Por Daniel Giovanaz, no Brasil de Fato - O almirante Othon Luiz Pinheiro, considerado o pai do programa nuclear brasileiro, foi vigiado de perto pela Agência Central de Inteligência dos Estados Unidos (CIA) durante a ditadura civil-militar (1964-1985). De volta à democracia, tornou-se alvo do Poder Judiciário e recebeu a maior pena entre todos os condenados na operação Lava Jato.

Para entender como os dois episódios se conectam, é preciso ler A Geopolítica da Intervenção (Geração Editorial, 2020), escrito pelo advogado Fernando Augusto Fernandes durante a quarentena. Em 19 capítulos, o autor faz uma revisão histórica da doutrina de segurança nacional à Lava Jato, desnuda a visão de mundo de membros do Poder Judiciário e denuncia a submissão das instituições a interesses estrangeiros.

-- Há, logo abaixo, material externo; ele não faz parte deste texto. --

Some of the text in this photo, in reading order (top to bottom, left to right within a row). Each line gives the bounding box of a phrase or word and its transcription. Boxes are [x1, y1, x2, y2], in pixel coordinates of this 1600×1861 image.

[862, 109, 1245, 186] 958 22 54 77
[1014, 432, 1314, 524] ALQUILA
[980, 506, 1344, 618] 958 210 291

A história do almirante Othon não está descrita no livro, mas na entrevista concedida por Fernandes ao Brasil de Fato. Defensor de investigados em várias fases da operação, ele analisa as relações familiares por trás da Lava Jato e aspectos religiosos inerentes à atuação de figuras como o procurador Deltan Dallagnol e o ex-juiz Sergio Moro.

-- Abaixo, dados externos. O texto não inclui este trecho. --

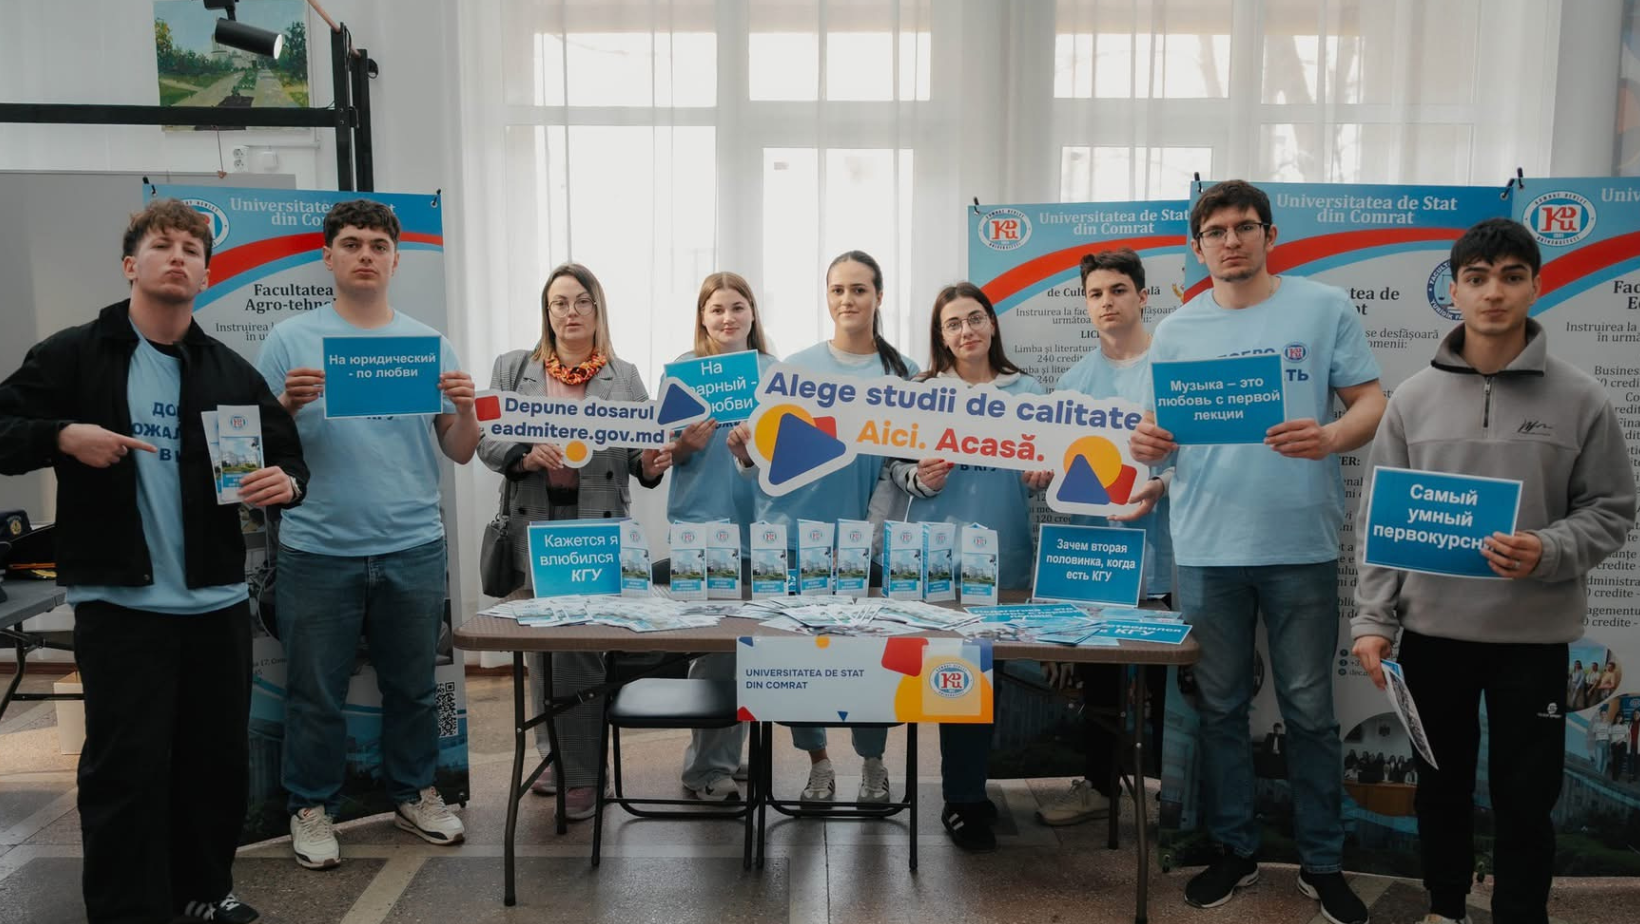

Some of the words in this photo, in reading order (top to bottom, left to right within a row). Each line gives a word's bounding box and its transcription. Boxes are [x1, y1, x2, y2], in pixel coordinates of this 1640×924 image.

[1277, 194, 1392, 210] Universitatea
[1397, 196, 1418, 210] de
[1422, 196, 1458, 210] Stat
[272, 213, 298, 227] din
[1039, 210, 1136, 224] Universitatea
[1140, 209, 1158, 222] de
[1161, 208, 1190, 221] Stat
[1317, 210, 1345, 223] din
[1350, 210, 1414, 224] Comrat
[1073, 224, 1096, 236] din
[1101, 222, 1154, 234] Comrat
[254, 284, 334, 296] Facultatea
[1047, 287, 1060, 298] de
[1380, 287, 1400, 300] de
[245, 298, 337, 314] Agro-tehn
[1016, 308, 1062, 317] Instruirea
[1064, 308, 1072, 316] la
[216, 322, 269, 332] Instruirea
[1052, 316, 1092, 325] următoa
[1566, 322, 1624, 332] Instruirea
[1627, 322, 1638, 332] la
[1365, 330, 1377, 338] se
[1014, 344, 1042, 353] Limba
[1368, 340, 1408, 349] omenii:
[328, 354, 346, 365] На
[350, 352, 436, 366] юридический
[1037, 354, 1055, 363] 240
[356, 370, 372, 378] по
[376, 367, 418, 378] любви
[700, 362, 722, 376] На
[1594, 366, 1640, 376] Busines
[689, 376, 746, 398] арный
[1170, 380, 1224, 394] Музыка
[1240, 377, 1264, 388] это
[711, 397, 754, 413] юбви
[765, 372, 856, 409] Alege
[866, 382, 956, 413] studii
[966, 392, 1006, 418] de
[1016, 400, 1142, 430] calitate
[1158, 394, 1212, 407] любовь
[1216, 396, 1224, 404] с
[1228, 390, 1280, 406] первой
[505, 398, 578, 418] Depune
[584, 404, 654, 420] dosarul
[1194, 410, 1244, 422] лекции
[490, 422, 665, 445] eadmitere.gov.md
[856, 420, 926, 450] Aici.
[935, 427, 1044, 462] Acasă.
[1410, 484, 1478, 506] Самый
[1407, 508, 1474, 528] умный
[544, 534, 606, 548] Кажется
[610, 534, 618, 546] я
[1373, 524, 1494, 550] первокурсн
[1056, 538, 1088, 551] Зачем
[1091, 543, 1128, 554] вторая
[540, 552, 614, 566] влюбился
[1046, 554, 1104, 568] половинка,
[1106, 558, 1136, 570] когда
[1596, 561, 1636, 571] credite
[571, 568, 603, 582] КГУ
[1066, 570, 1090, 581] есть
[1092, 570, 1112, 582] КГУ
[1594, 588, 1634, 598] credite
[1592, 618, 1631, 628] credite
[1114, 628, 1155, 636] КГУ
[746, 668, 822, 678] UNIVERSITATEA
[824, 669, 838, 678] DE
[840, 669, 864, 678] STAT
[746, 681, 764, 690] DIN
[765, 681, 808, 690] COMRAT

Nesta edição do Brasil de Fato Entrevista, o autor da obra relembra sua participação em tentativas de frear ou reverter a perseguição política a réus na Lava Jato, como o ex-presidente Lula (PT).

Sobre a saída de Moro do governo Bolsonaro e o enfraquecimento da operação, o advogado alerta: “A Lava Jato não está morta.”